— Это, верно, Като Дандзё.
— Он был с целым войском! Они возвращались после сражения. И конь у него отменный! Кто он?
— Дандзё живет неподалеку от храма Комёдзи.
— Правда?
— Он помолвлен с моей младшей сестрой.
— Как это — помолвлен?
— Что ты пристаешь?
— Я просто спрашиваю.
— Они собираются пожениться.
— Значит, он станет мужем твоей сестры? — Хиёси необычайно обрадовался этой новости и рассмеялся.
Мать, глядя на его хищную ухмыляющуюся мордочку, поневоле сравнила сына с беспокойным зверенышем.
— Мама, у нас в амбаре лежит такой большой меч, да?
— Ну меч. На что он тебе?
— А можно я возьму его? Он такой старый! Папе он все равно не нужен.
— Опять играть в войну?
— А что в этом плохого? Можно?
— Нет! Ни в коем случае!
— Но почему?
— Сам подумай, что скажут, если сын крестьянина начнет расхаживать с мечом.

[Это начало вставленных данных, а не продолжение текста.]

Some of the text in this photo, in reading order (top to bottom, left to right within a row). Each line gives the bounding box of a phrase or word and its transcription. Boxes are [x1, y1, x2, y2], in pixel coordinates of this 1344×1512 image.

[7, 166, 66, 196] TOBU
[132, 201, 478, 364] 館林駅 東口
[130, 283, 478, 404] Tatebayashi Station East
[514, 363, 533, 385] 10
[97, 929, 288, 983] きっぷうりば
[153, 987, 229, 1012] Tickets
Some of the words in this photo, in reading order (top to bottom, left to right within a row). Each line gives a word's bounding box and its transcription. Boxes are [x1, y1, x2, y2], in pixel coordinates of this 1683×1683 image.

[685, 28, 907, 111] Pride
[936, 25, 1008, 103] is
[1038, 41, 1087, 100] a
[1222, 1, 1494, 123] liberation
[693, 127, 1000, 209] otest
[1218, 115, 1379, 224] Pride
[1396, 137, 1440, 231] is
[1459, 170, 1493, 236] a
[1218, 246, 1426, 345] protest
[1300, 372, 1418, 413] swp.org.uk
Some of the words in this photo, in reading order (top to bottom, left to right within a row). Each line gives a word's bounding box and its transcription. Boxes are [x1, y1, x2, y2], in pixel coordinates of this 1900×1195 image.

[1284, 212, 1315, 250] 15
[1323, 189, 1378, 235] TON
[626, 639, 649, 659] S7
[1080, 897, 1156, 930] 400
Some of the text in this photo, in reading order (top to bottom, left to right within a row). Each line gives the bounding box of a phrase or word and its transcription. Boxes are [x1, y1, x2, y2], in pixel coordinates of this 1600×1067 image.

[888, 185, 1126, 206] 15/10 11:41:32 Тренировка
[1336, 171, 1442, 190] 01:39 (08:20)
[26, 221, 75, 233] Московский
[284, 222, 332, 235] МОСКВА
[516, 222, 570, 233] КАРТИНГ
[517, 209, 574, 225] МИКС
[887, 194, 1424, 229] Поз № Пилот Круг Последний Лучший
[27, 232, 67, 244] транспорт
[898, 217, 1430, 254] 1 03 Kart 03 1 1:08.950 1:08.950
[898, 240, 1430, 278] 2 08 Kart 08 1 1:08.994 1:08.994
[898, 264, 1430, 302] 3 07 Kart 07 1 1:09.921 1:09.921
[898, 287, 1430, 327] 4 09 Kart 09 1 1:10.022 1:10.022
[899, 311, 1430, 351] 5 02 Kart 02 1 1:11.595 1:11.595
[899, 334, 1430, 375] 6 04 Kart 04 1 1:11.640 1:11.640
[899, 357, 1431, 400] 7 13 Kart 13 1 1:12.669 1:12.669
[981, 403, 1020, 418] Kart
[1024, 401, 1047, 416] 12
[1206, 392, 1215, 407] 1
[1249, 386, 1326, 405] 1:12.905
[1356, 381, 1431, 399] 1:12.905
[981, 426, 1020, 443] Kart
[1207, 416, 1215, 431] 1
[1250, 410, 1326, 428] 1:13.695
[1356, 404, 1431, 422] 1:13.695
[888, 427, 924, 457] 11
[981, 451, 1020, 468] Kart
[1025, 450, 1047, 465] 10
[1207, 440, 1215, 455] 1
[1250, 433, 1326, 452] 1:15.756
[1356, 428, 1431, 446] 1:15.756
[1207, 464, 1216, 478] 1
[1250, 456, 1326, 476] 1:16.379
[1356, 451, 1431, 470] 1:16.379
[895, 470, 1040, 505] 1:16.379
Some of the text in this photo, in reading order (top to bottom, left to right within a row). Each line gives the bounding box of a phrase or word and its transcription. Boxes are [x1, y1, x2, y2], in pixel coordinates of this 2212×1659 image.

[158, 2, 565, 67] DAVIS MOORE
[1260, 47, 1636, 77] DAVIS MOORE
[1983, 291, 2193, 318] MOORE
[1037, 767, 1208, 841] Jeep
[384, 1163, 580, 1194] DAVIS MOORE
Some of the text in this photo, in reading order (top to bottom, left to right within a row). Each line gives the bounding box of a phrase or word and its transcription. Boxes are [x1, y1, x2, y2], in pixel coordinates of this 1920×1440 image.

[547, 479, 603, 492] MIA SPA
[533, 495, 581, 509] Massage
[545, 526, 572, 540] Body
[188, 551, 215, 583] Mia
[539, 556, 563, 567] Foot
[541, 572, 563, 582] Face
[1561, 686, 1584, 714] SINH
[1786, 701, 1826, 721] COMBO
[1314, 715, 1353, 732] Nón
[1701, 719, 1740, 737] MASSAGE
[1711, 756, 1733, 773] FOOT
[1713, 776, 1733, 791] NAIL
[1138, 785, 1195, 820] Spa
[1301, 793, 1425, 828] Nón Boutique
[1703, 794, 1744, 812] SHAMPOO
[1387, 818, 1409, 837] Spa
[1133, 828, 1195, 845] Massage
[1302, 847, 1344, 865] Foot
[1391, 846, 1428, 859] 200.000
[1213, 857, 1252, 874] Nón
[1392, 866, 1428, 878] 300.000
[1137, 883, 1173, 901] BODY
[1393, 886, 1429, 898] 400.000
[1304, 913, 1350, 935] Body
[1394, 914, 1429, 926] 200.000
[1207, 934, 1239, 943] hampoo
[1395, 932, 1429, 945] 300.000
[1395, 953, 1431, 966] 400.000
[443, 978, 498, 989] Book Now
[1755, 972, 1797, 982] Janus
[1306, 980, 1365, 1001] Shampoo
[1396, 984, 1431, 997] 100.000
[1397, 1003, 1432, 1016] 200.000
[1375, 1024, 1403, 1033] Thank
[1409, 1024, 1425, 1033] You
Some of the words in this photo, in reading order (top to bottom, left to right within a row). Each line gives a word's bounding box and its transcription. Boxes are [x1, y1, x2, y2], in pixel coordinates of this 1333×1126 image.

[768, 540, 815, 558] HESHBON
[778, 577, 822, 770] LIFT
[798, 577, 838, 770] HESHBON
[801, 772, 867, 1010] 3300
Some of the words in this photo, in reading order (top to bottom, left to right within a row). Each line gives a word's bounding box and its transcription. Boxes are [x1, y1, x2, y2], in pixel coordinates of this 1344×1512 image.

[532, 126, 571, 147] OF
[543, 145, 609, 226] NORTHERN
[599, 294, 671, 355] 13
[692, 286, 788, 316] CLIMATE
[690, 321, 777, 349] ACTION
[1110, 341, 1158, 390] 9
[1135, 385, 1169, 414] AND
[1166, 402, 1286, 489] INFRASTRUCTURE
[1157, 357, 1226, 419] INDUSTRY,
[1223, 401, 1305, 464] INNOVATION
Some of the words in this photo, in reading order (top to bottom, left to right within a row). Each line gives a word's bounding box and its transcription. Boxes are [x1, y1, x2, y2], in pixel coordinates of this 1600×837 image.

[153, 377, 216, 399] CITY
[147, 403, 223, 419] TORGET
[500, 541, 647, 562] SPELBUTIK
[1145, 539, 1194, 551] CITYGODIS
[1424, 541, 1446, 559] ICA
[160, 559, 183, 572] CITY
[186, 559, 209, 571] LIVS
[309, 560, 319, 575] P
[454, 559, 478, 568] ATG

— Но ведь когда-нибудь я стану самураем! — Хиёси топнул ногой, как ребенок, которому не дали игрушку. Он понял, что просить бесполезно.
Мать поглядела на него, и слезы навернулись ей на глаза.
— Глупенький! — обругала она его и, неловко стерев слезы, потащила за руку. — Хоть немножко помоги сестре, воды принеси!
— Нет! Нет! — сопротивлялся Хиёси, упираясь пятками в землю. — Нет! Ненавижу тебя! Дура! Ни за что!
Мать настойчиво тянула его за руку, но в этот миг из окна, занавешенного бамбуковой циновкой, послышался кашель и потянуло дымком из очага. Услышав голос отца, Хиёси сразу же понурился и примолк. Яэмону было под сорок, но, обреченный прожить остаток дней калекой, он обладал резким, хриплым голосом мужчины за пятьдесят.
— Вот пожалуюсь отцу, что с тобой нет сладу! — Пальцы матери разжались.
Хиёси закрыл лицо руками и тихонько заплакал.
Глядя на маленького мальчика, дерзкого не по годам, мать сокрушенно думала о том, что из него вырастет.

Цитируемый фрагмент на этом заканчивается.